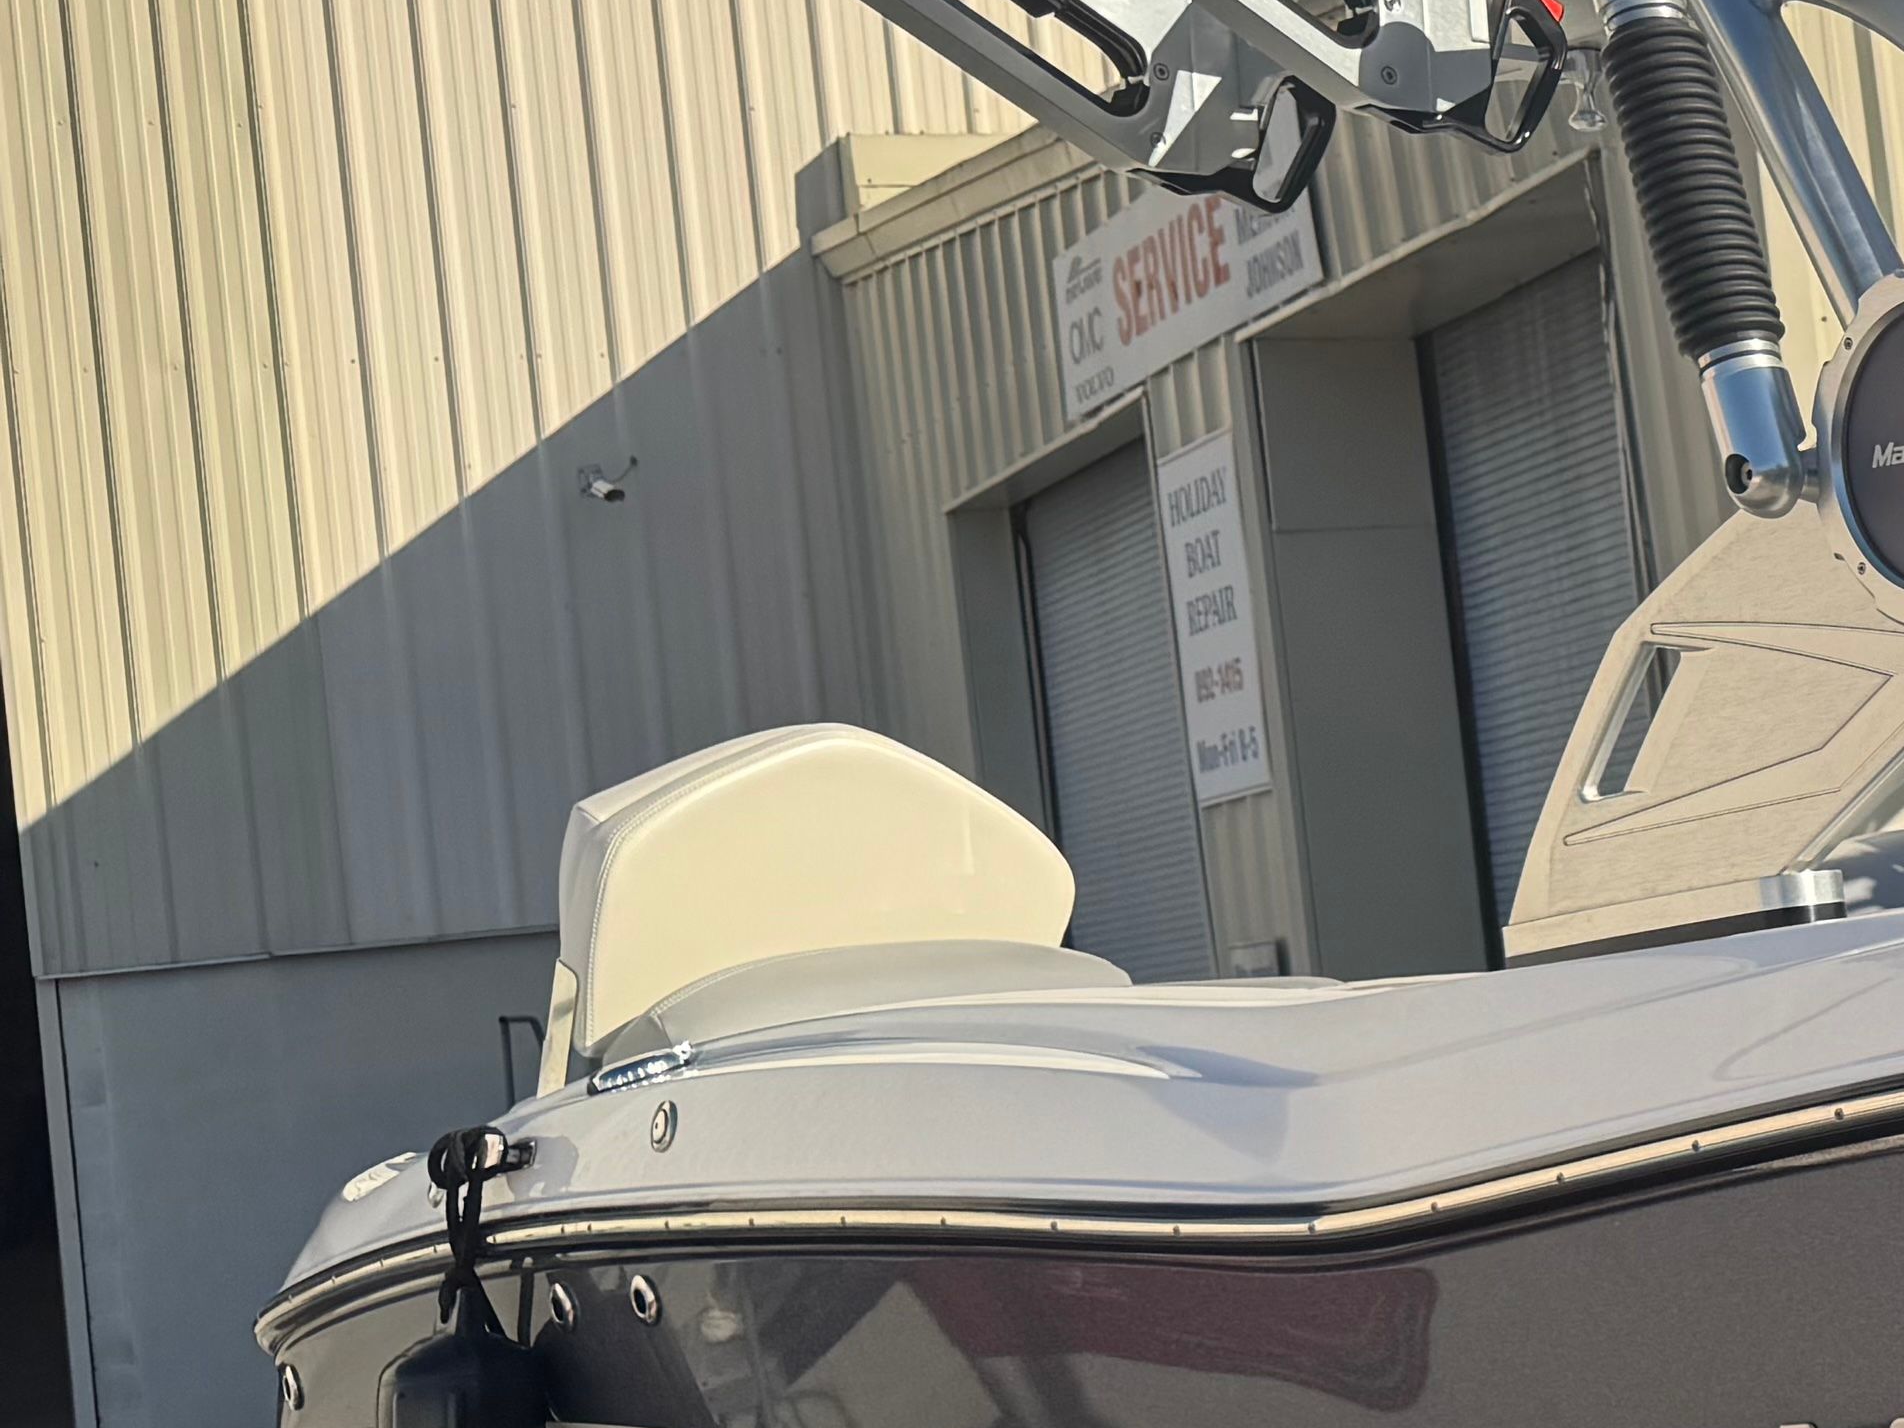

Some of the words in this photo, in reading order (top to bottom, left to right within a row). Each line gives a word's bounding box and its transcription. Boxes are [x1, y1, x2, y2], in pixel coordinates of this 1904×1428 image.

[1112, 194, 1231, 347] SERVICE
[1247, 229, 1304, 300] JOHNSON
[1167, 465, 1227, 527] HOLIDAY
[1184, 529, 1222, 578] BOAT
[1186, 584, 1238, 637] REPAIR

◆ ◆ ◆ ◆

◆ Task directions: The copy you produce must match the entries above exactly, except that it has no pictures.

◆ Answer to this exercise:
Some of the words in this photo, in reading order (top to bottom, left to right within a row). Each line gives a word's bounding box and its transcription. Boxes are [x1, y1, x2, y2], in pixel coordinates of this 1904×1428 image.

[1112, 194, 1231, 347] SERVICE
[1247, 229, 1304, 300] JOHNSON
[1167, 465, 1227, 527] HOLIDAY
[1184, 529, 1222, 578] BOAT
[1186, 584, 1238, 637] REPAIR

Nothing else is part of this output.